_What is required_. Could you return the data below exactly as it appears?

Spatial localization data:
========

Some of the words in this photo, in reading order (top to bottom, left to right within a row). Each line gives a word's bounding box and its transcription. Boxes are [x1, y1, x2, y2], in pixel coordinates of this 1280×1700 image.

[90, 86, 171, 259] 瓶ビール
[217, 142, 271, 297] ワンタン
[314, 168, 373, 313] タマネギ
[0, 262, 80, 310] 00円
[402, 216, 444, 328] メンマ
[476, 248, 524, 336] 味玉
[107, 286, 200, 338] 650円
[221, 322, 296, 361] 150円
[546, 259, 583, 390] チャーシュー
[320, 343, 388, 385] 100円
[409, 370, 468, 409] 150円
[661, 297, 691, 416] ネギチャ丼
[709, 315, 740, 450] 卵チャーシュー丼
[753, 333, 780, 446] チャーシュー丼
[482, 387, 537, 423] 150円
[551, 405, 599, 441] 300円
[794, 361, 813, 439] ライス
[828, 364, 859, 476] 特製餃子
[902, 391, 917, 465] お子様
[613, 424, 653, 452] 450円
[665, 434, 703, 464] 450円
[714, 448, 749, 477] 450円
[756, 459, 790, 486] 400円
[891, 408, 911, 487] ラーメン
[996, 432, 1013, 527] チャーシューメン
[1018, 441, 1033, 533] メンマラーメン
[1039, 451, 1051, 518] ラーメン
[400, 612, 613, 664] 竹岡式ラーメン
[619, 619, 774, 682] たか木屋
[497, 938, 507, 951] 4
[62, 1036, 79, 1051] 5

========

_Reply to the task_.
Some of the words in this photo, in reading order (top to bottom, left to right within a row). Each line gives a word's bounding box and its transcription. Boxes are [x1, y1, x2, y2], in pixel coordinates of this 1280×1700 image.

[90, 86, 171, 259] 瓶ビール
[217, 142, 271, 297] ワンタン
[314, 168, 373, 313] タマネギ
[0, 262, 80, 310] 00円
[402, 216, 444, 328] メンマ
[476, 248, 524, 336] 味玉
[107, 286, 200, 338] 650円
[221, 322, 296, 361] 150円
[546, 259, 583, 390] チャーシュー
[320, 343, 388, 385] 100円
[409, 370, 468, 409] 150円
[661, 297, 691, 416] ネギチャ丼
[709, 315, 740, 450] 卵チャーシュー丼
[753, 333, 780, 446] チャーシュー丼
[482, 387, 537, 423] 150円
[551, 405, 599, 441] 300円
[794, 361, 813, 439] ライス
[828, 364, 859, 476] 特製餃子
[902, 391, 917, 465] お子様
[613, 424, 653, 452] 450円
[665, 434, 703, 464] 450円
[714, 448, 749, 477] 450円
[756, 459, 790, 486] 400円
[891, 408, 911, 487] ラーメン
[996, 432, 1013, 527] チャーシューメン
[1018, 441, 1033, 533] メンマラーメン
[1039, 451, 1051, 518] ラーメン
[400, 612, 613, 664] 竹岡式ラーメン
[619, 619, 774, 682] たか木屋
[497, 938, 507, 951] 4
[62, 1036, 79, 1051] 5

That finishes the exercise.